Written by Mark Pietsch – PDA NSW Director
Chances are that if you have a disability, you know that it is going to be a central topic in your life. Though most avoid direct questions or expect an answer that focuses on the downsides. Hidden in all the discussion of barriers, are stories of overcoming.
Kids are the most blunt. They make me a laugh, asking their parents “why is that man using a ….(walking stick, wheelchair or walker)? He’s not old?” Usually followed by a parent shushing or quickly whisking them out of earshot. I’ve learned to welcome the questions and seek out opportunities to highlight that people living with a disability are people. We are neighbours, friends, family members, co-workers and even employers.

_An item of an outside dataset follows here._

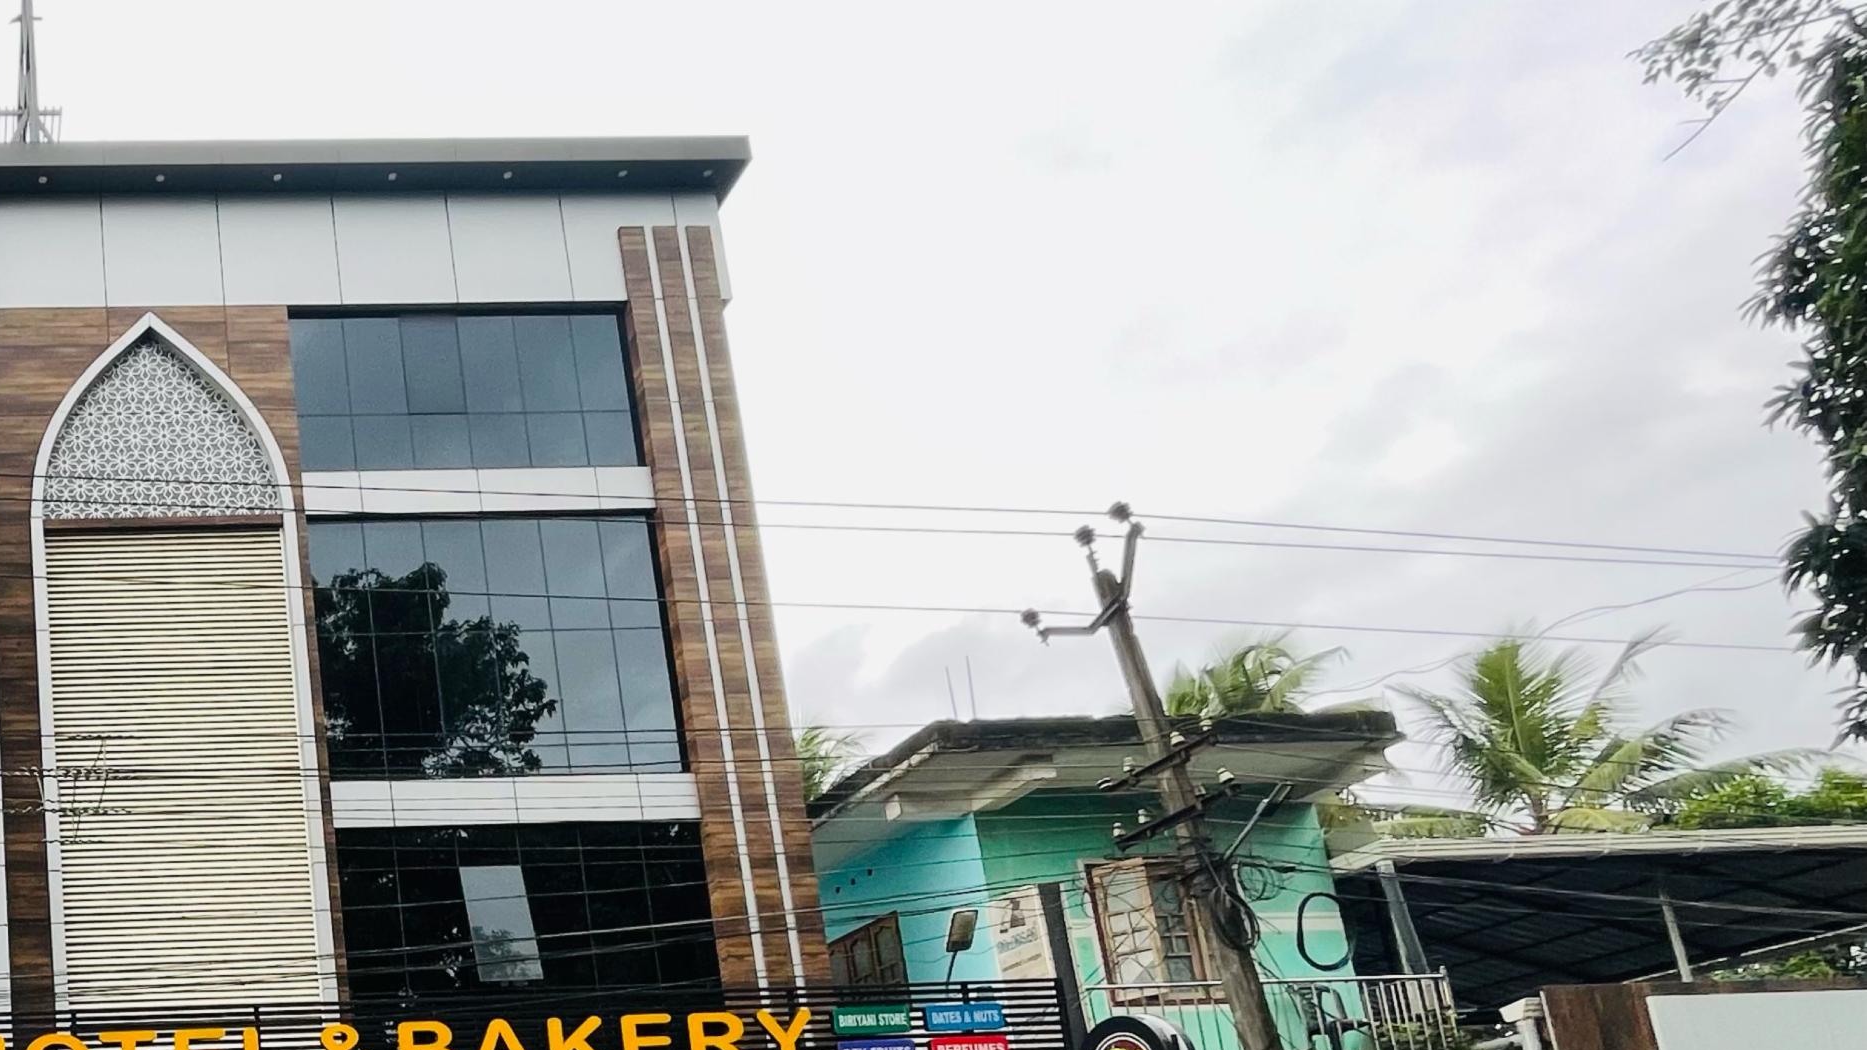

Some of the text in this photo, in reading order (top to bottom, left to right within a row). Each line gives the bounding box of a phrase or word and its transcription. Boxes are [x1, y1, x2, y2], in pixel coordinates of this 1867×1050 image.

[838, 1011, 909, 1027] BIRIYANI STORE
[931, 1009, 1000, 1025] DATES & NUTS
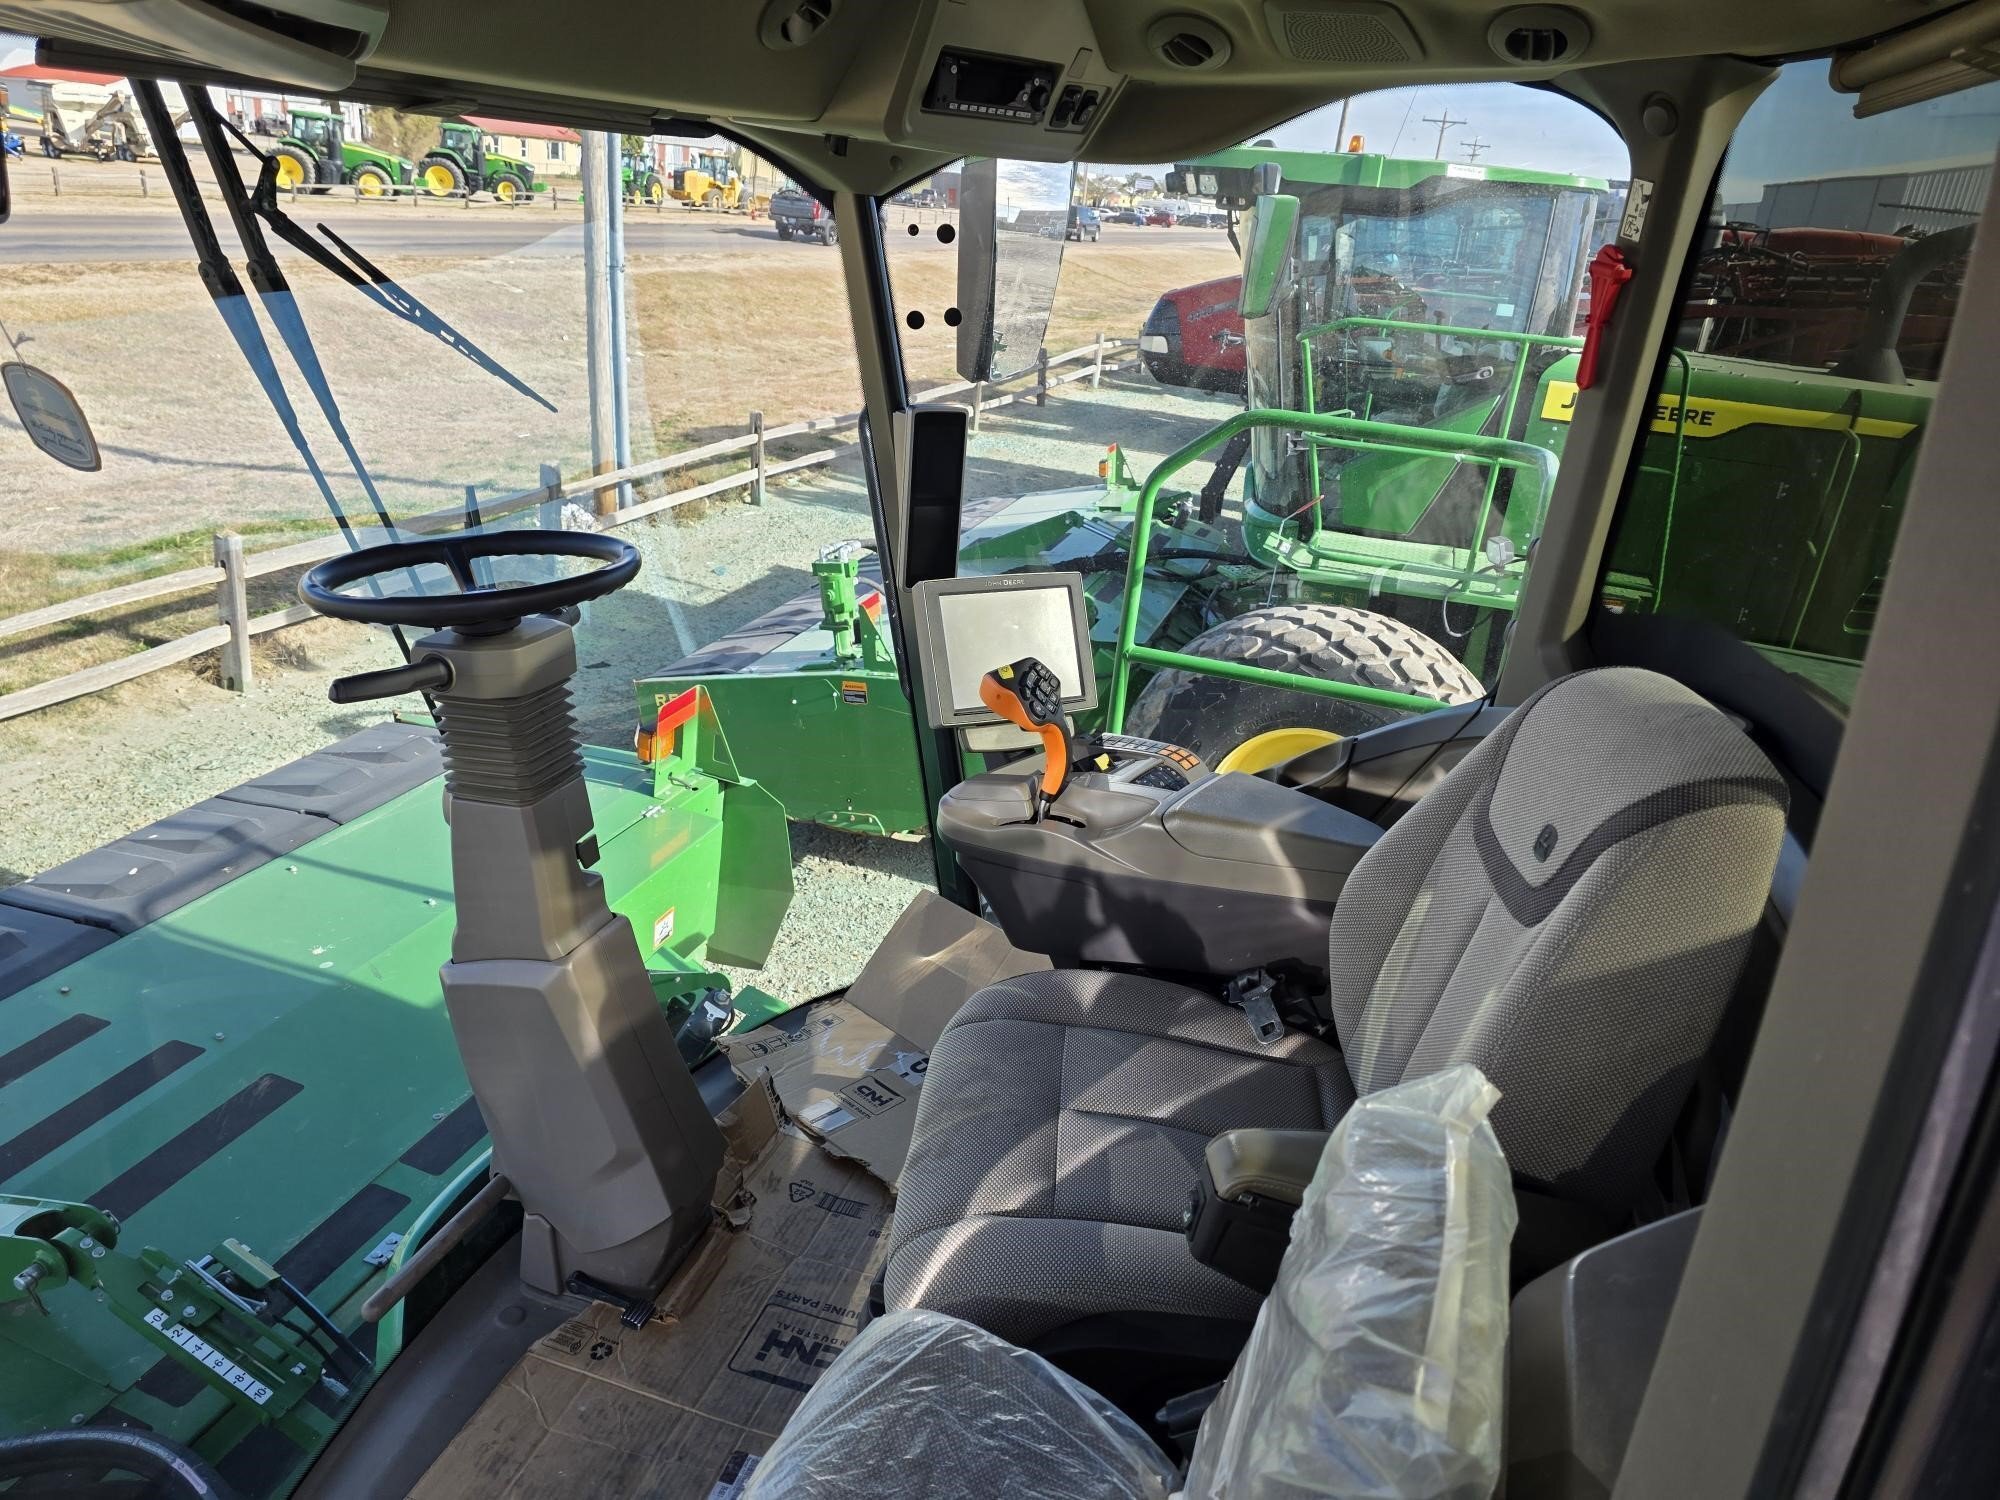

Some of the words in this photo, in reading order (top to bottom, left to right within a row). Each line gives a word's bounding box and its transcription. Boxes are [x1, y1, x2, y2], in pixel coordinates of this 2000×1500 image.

I live with a musculoskeletal movement disorder and in addition found out that I have been living with Autism for the past 30 years. Apparently, I was one of the last people to realise I live with Autism. Colleagues in the disability sector just assumed I already knew. Though in hindsight I suppose spending your spare time reading the NDIS ACT or legislation isn’t exactly neurotypical. Though for me, it’s normal; my normal.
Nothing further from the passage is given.